Methods. 560 consecutive patients with an active and “difficult” venous leg ulcer (CEAP C6), who had previously received medical treatment (with the ulcers showing no sign of improvement after 4 weeks), qualified for the study. 280 were randomized for ELT of the great saphenous vein and/or perforator veins (group A); while 280 were randomized for stripping and/or perforator interruption (group B; 20 of these received foam sclerotherapy). The patients received follow-up care until September 2008, and were evaluated by clinical and color-duplex assessment.
Results. The prevalence of perforating vein reflux was high (42%) and comparable in both groups A and B. Tests were conducted that were considered valid for 226 of the 280 patients in Group A and for 231 of the 280 patients in Group B. Overall, healing times were shorter for Group A. Healing times were significantly shorter for patients in Group A with isolated saphenous reflux and combined saphenous/perforators reflux compared with similarly affected patients in Group B. On the other hand, no significant differences were found in the healing times for patients with isolated perforators reflux in both groups. The percentage of total recurrence was lower in Group A. Almost all recurrences in both groups concerned patients who had combined saphenous and perforators reflux when testing began.

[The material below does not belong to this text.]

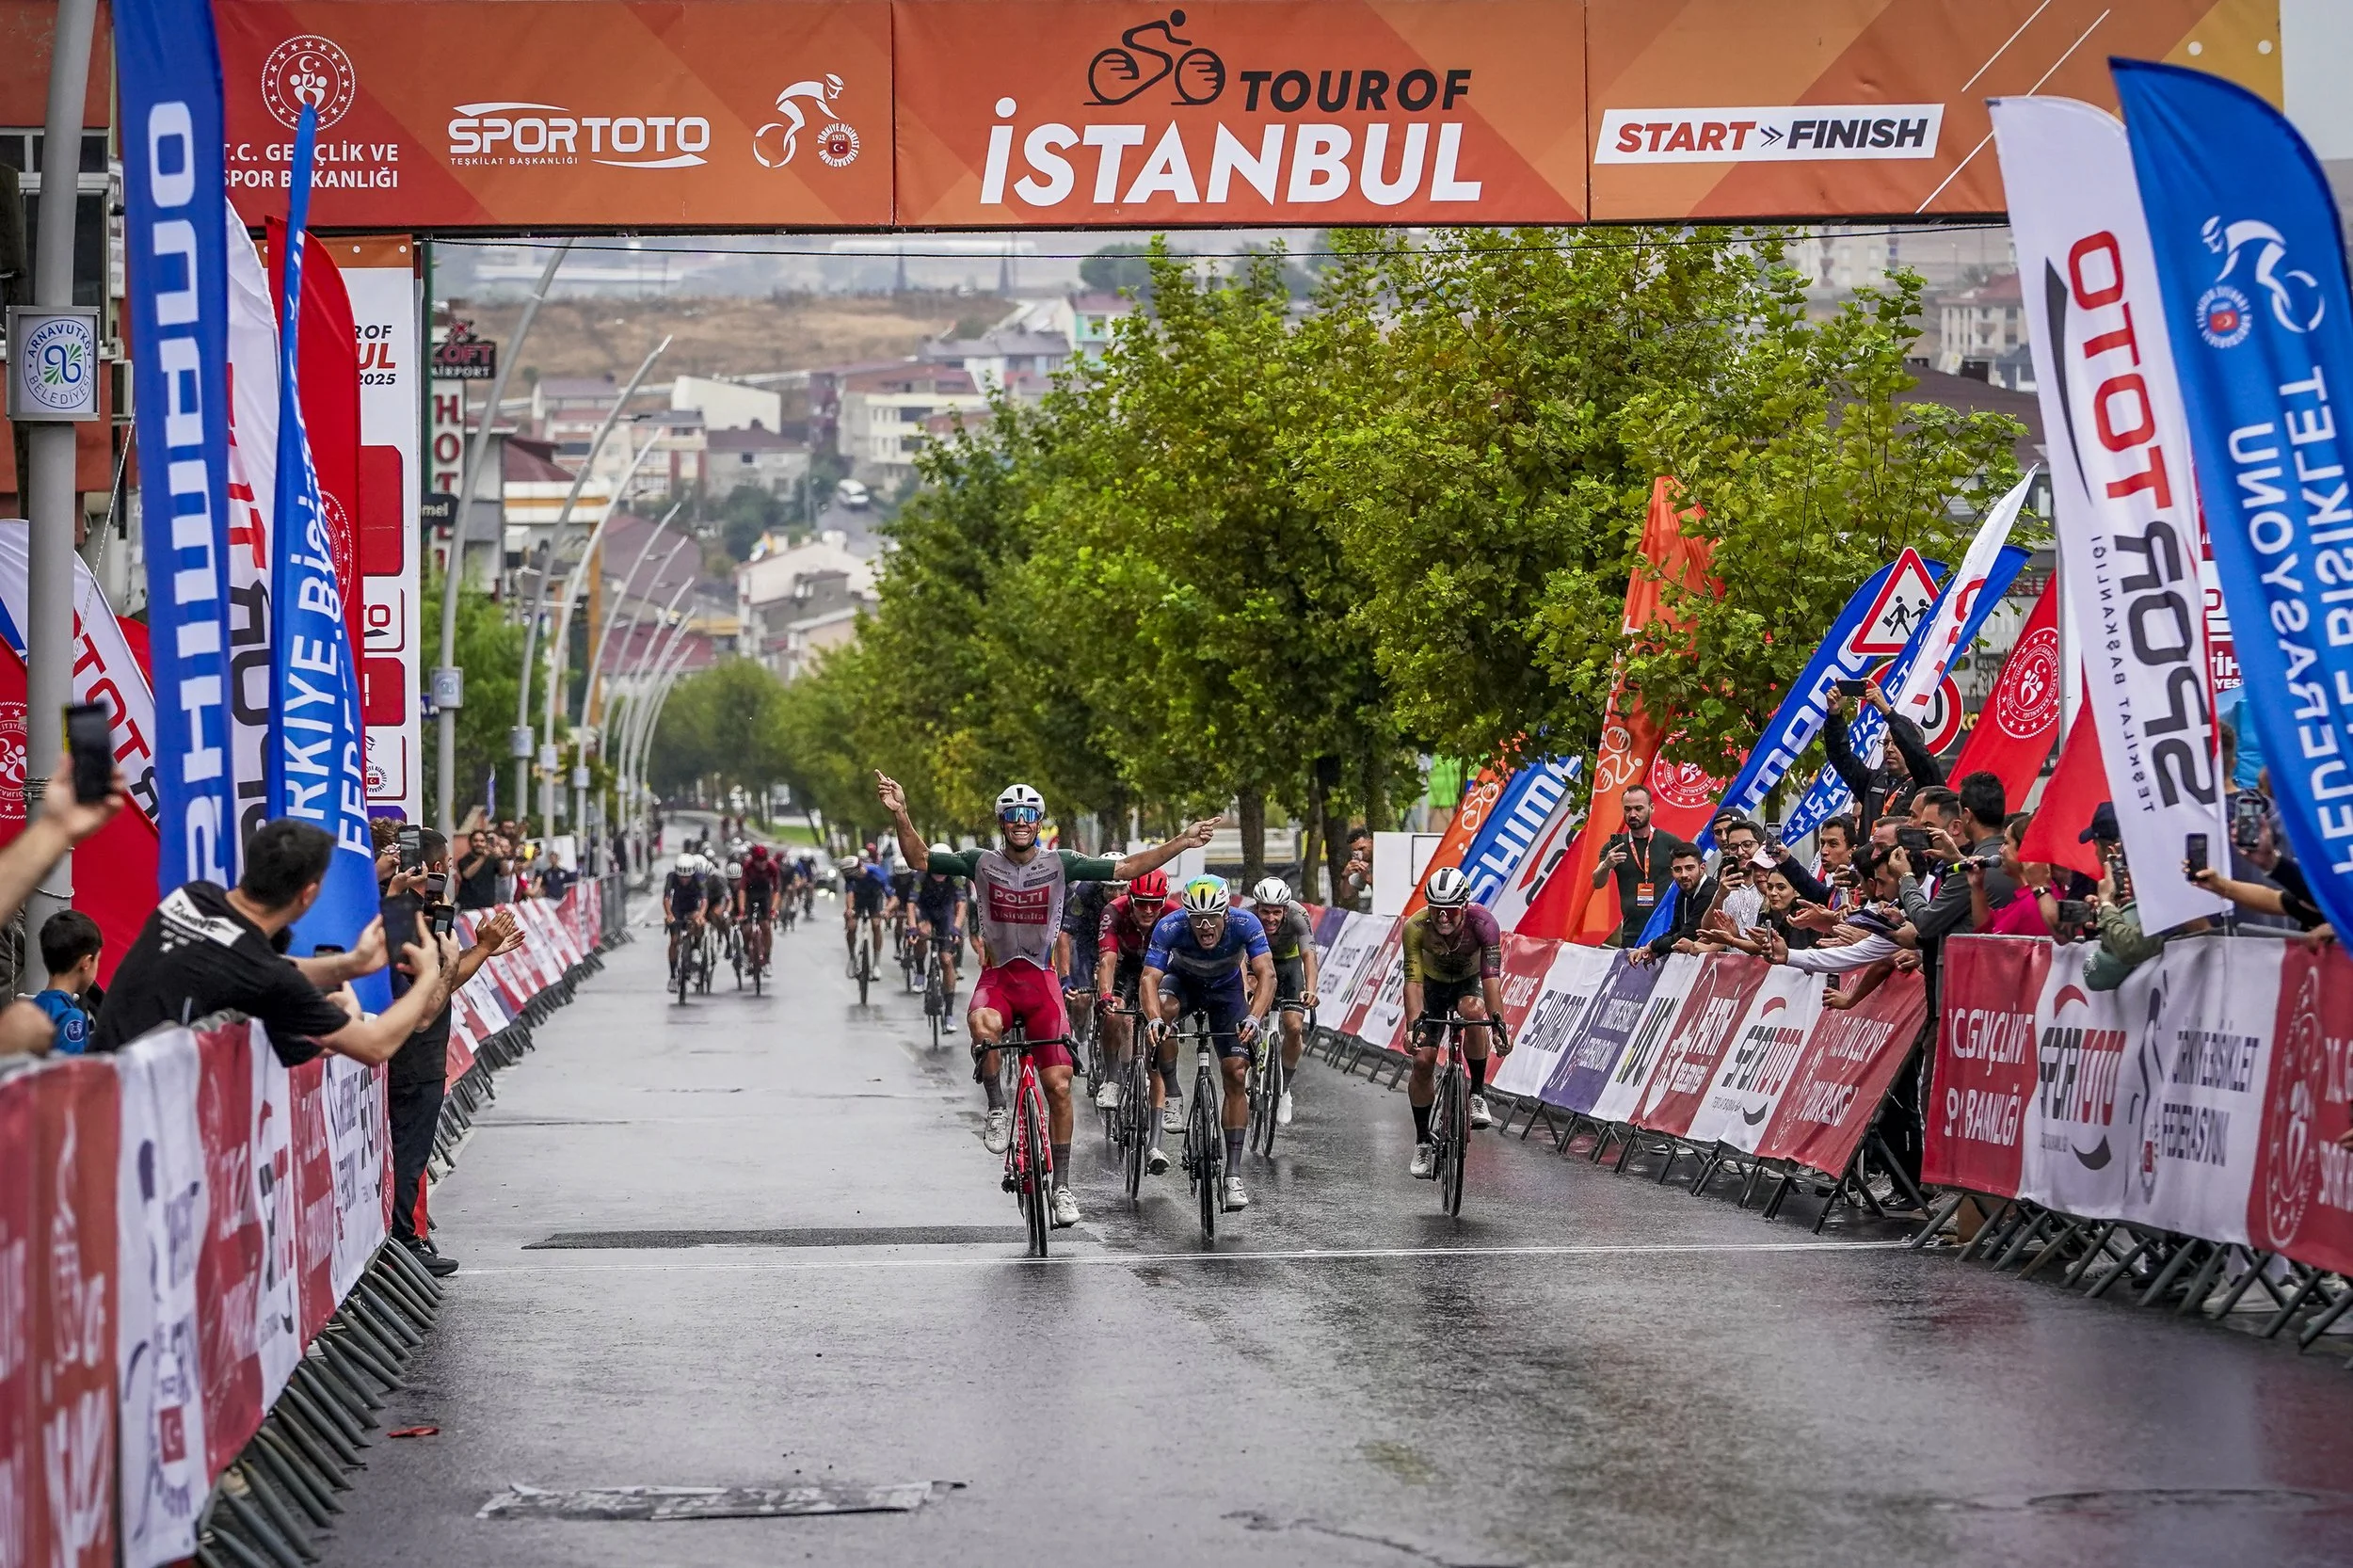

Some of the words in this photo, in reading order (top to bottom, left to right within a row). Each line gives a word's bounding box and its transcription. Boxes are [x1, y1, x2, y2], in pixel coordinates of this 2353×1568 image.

Conclusion. Based on our data and our positive personal experiences of using ELT, particularly in the subgroups with perforating vein reflux, the correction of this reflux with minimally invasive laser surgery can be expected to heal most leg ulcers with primary CVI and reduce the recurrence of ulcers within the first three years after treatment. However, the value of such treatment for saphenous reflux alone remains unclear.